Segment Start: Task inputs

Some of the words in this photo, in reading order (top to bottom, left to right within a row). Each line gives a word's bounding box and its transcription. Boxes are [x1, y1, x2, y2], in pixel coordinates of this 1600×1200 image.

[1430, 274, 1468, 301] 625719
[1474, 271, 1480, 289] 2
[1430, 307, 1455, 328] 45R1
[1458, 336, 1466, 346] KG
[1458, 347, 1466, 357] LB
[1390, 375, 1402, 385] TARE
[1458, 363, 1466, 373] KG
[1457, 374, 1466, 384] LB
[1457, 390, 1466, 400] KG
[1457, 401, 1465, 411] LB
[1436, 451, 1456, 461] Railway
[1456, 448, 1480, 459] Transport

Segment End: Task inputs

Your instructions:
Copy the entries above exactly, so that each line matches the original.

Expected answer:
Some of the words in this photo, in reading order (top to bottom, left to right within a row). Each line gives a word's bounding box and its transcription. Boxes are [x1, y1, x2, y2], in pixel coordinates of this 1600×1200 image.

[1430, 274, 1468, 301] 625719
[1474, 271, 1480, 289] 2
[1430, 307, 1455, 328] 45R1
[1458, 336, 1466, 346] KG
[1458, 347, 1466, 357] LB
[1390, 375, 1402, 385] TARE
[1458, 363, 1466, 373] KG
[1457, 374, 1466, 384] LB
[1457, 390, 1466, 400] KG
[1457, 401, 1465, 411] LB
[1436, 451, 1456, 461] Railway
[1456, 448, 1480, 459] Transport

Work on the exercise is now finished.